In the present study, we have designed a laser-induced fluorescence (LIF) based instrumentation and developed a sensitive methodology for the effective separation, visualization, identification and analysis of proteins on a single platform. In this method, intrinsic fluorescence spectra of proteins were detected after separation on 1 or 2 dimensional Sodium Dodecyl Sulfate-Tris(2-carboxyethyl)phosphine (SDS-TCEP) polyacrylamide gel electrophoresis (PAGE) and the data were analyzed. The MATLAB assisted software was designed for the development of PAGE fingerprint for the visualization of protein after 1- and 2-dimensional protein separation. These provided objective parameters of intrinsic fluorescence intensity, emission peak, molecular weight and isoelectric point using a single platform. Further, the current architecture could differentiate the overlapping proteins in the PAGE gels which otherwise were not identifiable by conventional staining, imaging and tagging methods. Categorization of the proteins based on the presence or absence of tyrosine or tryptophan residues and assigning the corresponding emission peaks (309-356 nm) with pseudo colors allowed the detection of proportion of proteins within the given spectrum. The present methodology doesn't use stains or tags, hence amenable to couple with mass spectroscopic measurements. This technique may have relevance in the field of proteomics that is used for innumerable applications.

Identification of protein secondary structures by laser induced autofluorescence: A study of urea and GnHCl induced protein denaturation.

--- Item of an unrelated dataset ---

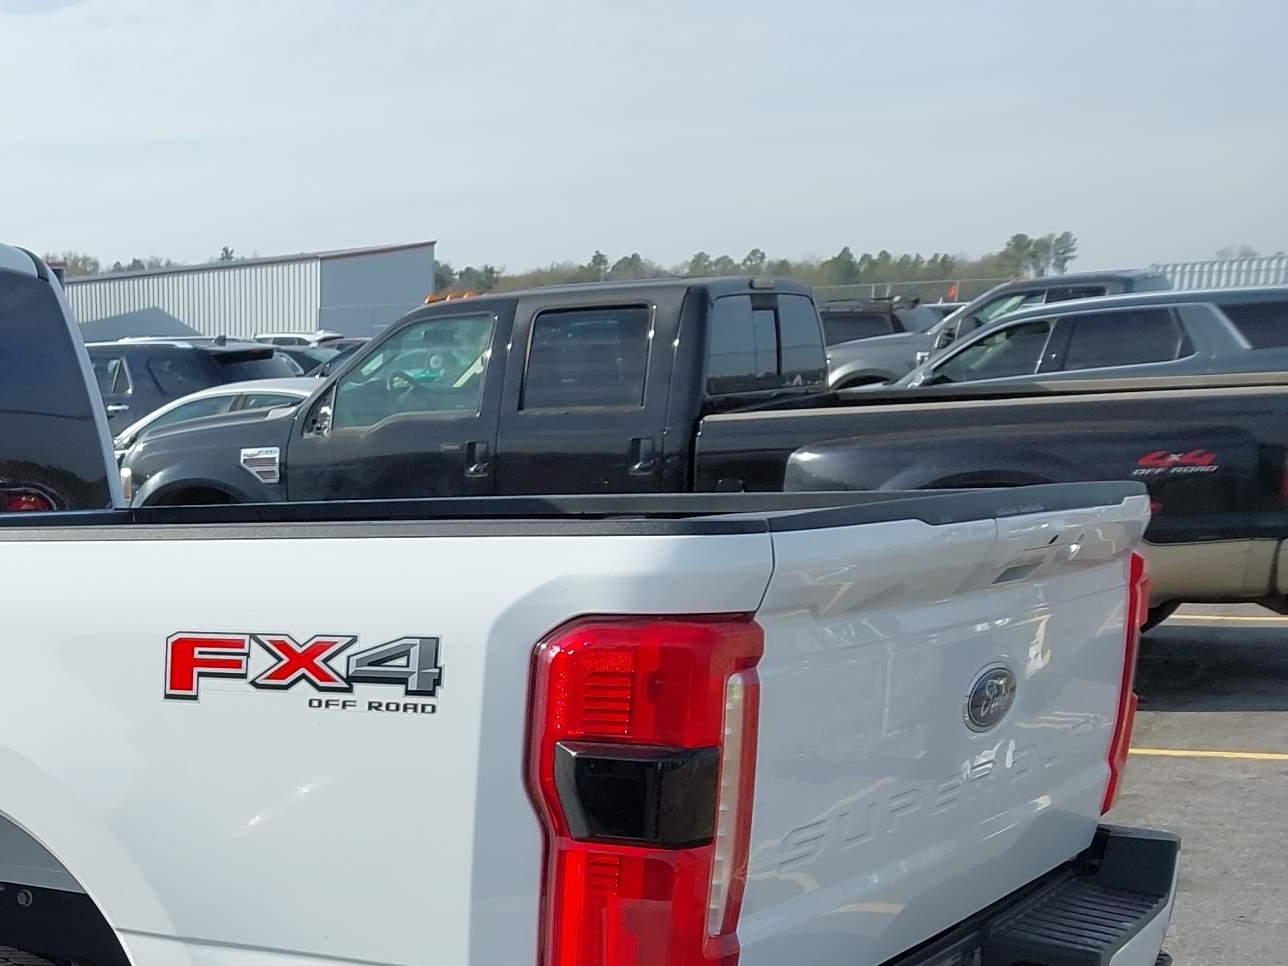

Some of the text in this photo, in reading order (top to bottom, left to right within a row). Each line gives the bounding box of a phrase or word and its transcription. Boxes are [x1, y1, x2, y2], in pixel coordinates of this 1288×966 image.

[1133, 465, 1218, 475] OFF ROAD
[164, 631, 443, 698] FX4
[308, 698, 436, 714] OFF ROAD

In the present study an attempt has been made to interrogate the bulk secondary structures of some selected proteins (BSA, HSA, lysozyme, trypsin and ribonuclease A) under urea and GnHCl denaturation using laser induced autofluorescence. The proteins were treated with different concentrations of urea (3M, 6M, 9M) and GnHCl (2M, 4M, 6M) and the corresponding steady state autofluorescence spectra were recorded at 281nm pulsed laser excitations. The recorded fluorescence spectra of proteins were then interpreted based on the existing PDB structures of the proteins and the Trp solvent accessibility (calculated using "Scratch protein predictor" at 30% threshold). Further, the influence of rigidity and conformation of the indole ring (caused by protein secondary structures) on the intrinsic fluorescence properties of proteins were also evaluated using fluorescence of ANS-HSA complexes, CD spectroscopy as well as with trypsin digestion experiments. The outcomes obtained clearly demonstrated GnHCl preferably disrupt helix as compared to the beta ß-sheets whereas, urea found was more effective in disrupting ß-sheets as compared to the helices. The other way round the proteins which have shown detectable change in the intrinsic fluorescence at lower concentrations of GnHCl were rich in helices whereas, the proteins which showed detectable change in the intrinsic fluorescence at lower concentrations of urea were rich in ß-sheets. Since high salt concentrations like GnHCl and urea interfere in the secondary structure analysis by circular dichroism Spectrometry, the present method of analyzing secondary structures using laser induced autofluorescence will be highly advantageous over existing tools for the same.